WHAT IS REQUIRED
Could you retype the lines below, starting at the line holding "Some of the text" and stopping at the line holding "this 1344×1512 image.", inclusive? Copy them exactly and drop the images.

[Saved data entries]

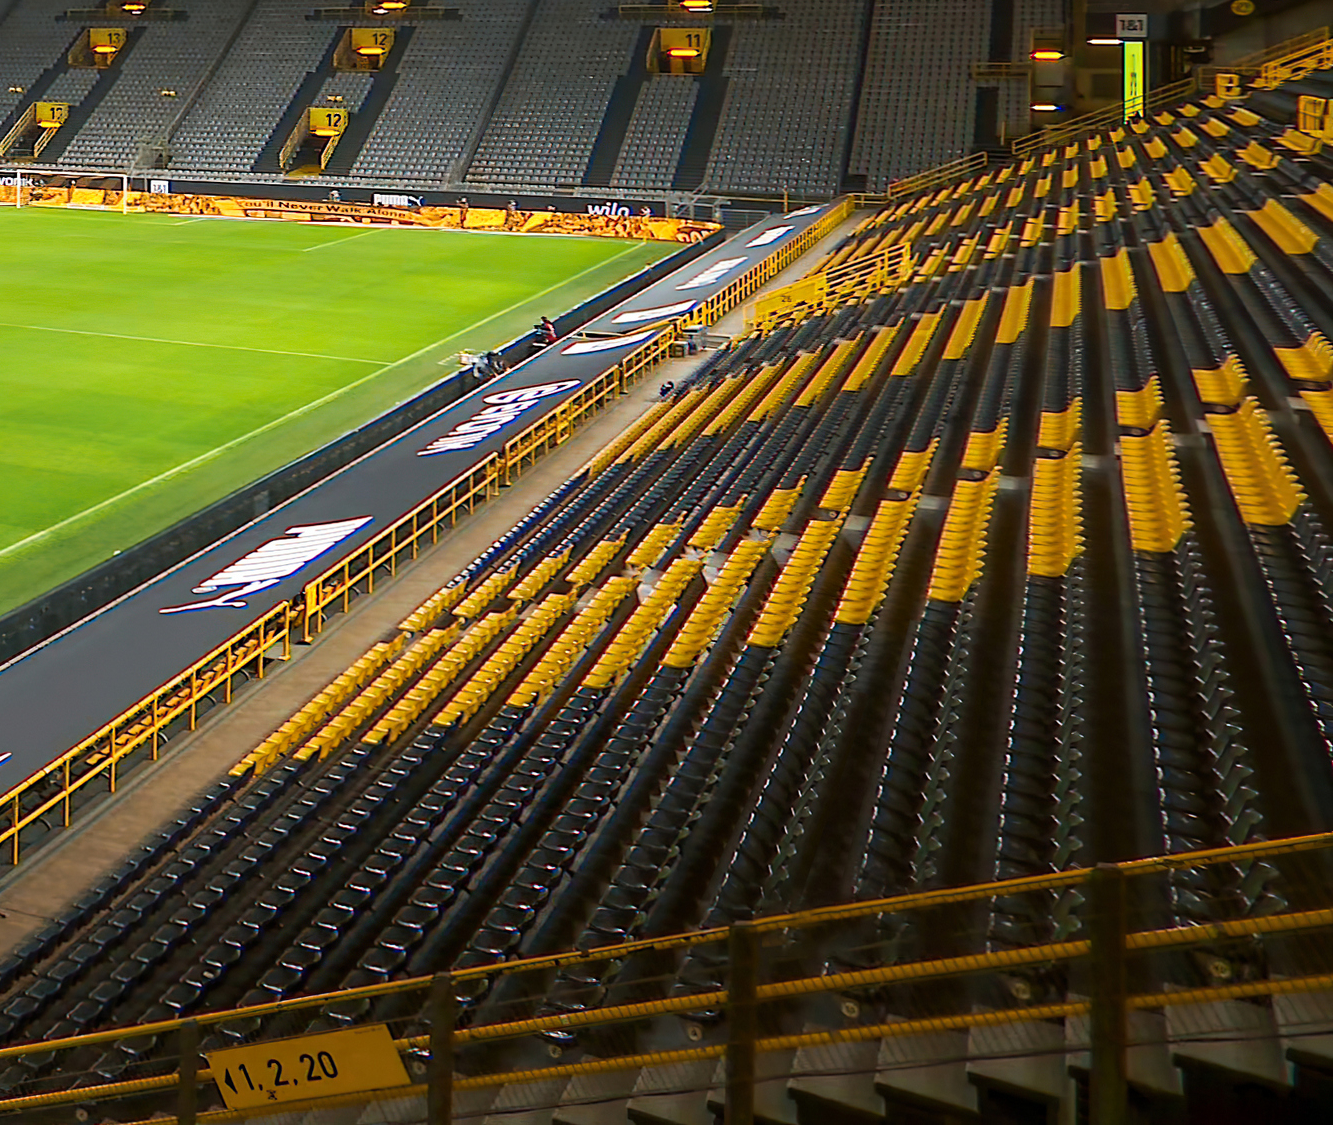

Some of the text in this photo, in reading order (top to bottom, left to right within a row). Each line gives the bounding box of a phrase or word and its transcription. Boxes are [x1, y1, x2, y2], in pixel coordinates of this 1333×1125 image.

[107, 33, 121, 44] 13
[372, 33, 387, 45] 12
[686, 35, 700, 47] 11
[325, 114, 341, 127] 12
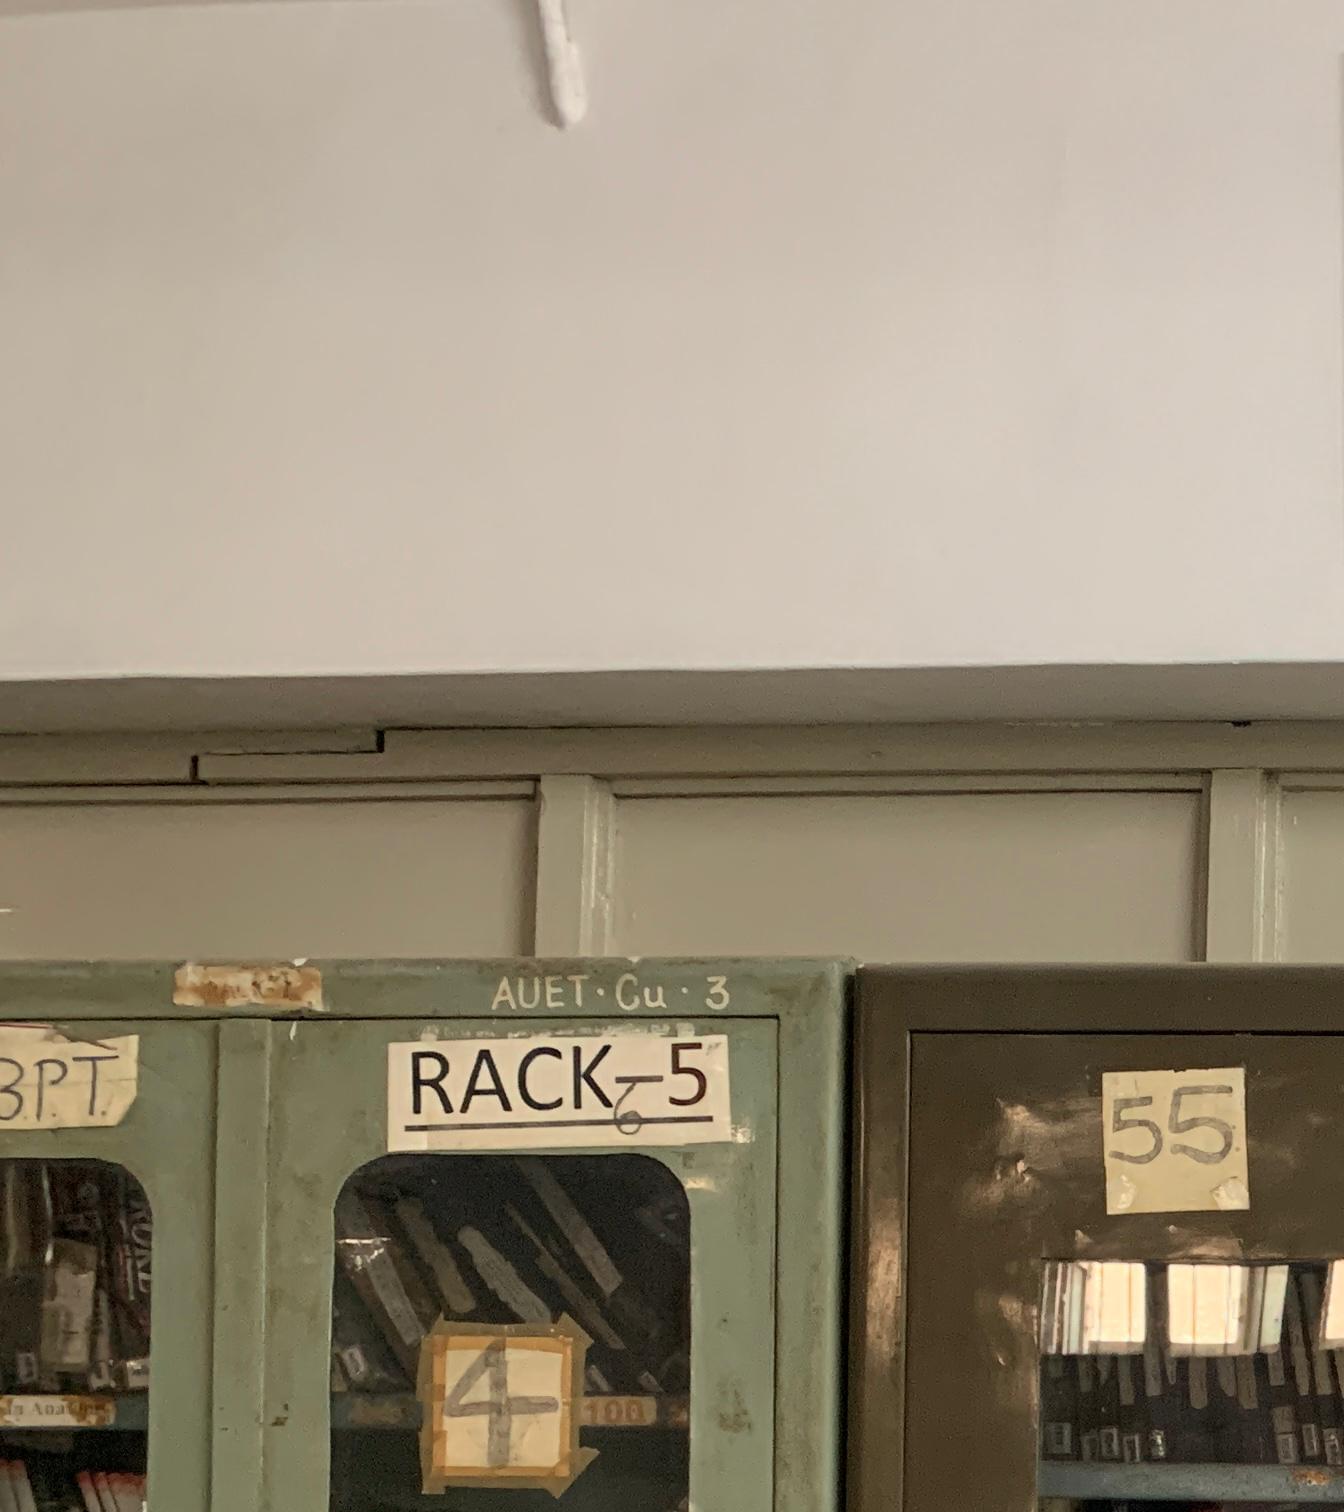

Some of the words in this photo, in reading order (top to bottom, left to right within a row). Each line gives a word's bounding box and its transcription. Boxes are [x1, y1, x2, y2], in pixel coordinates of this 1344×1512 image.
* * *
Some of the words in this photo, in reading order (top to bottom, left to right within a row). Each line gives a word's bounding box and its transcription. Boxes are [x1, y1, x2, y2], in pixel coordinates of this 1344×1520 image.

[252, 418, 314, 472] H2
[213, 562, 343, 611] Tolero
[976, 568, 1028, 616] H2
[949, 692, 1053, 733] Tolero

RESULT OF THE EXERCISE
Some of the text in this photo, in reading order (top to bottom, left to right within a row). Each line gives the bounding box of a phrase or word and its transcription. Boxes are [x1, y1, x2, y2], in pixel coordinates of this 1333×1125 image.

[107, 33, 121, 44] 13
[372, 33, 387, 45] 12
[686, 35, 700, 47] 11
[325, 114, 341, 127] 12

Some of the words in this photo, in reading order (top to bottom, left to right within a row). Each line gives a word's bounding box and its transcription. Boxes are [x1, y1, x2, y2], in pixel coordinates of this 1344×1512 image.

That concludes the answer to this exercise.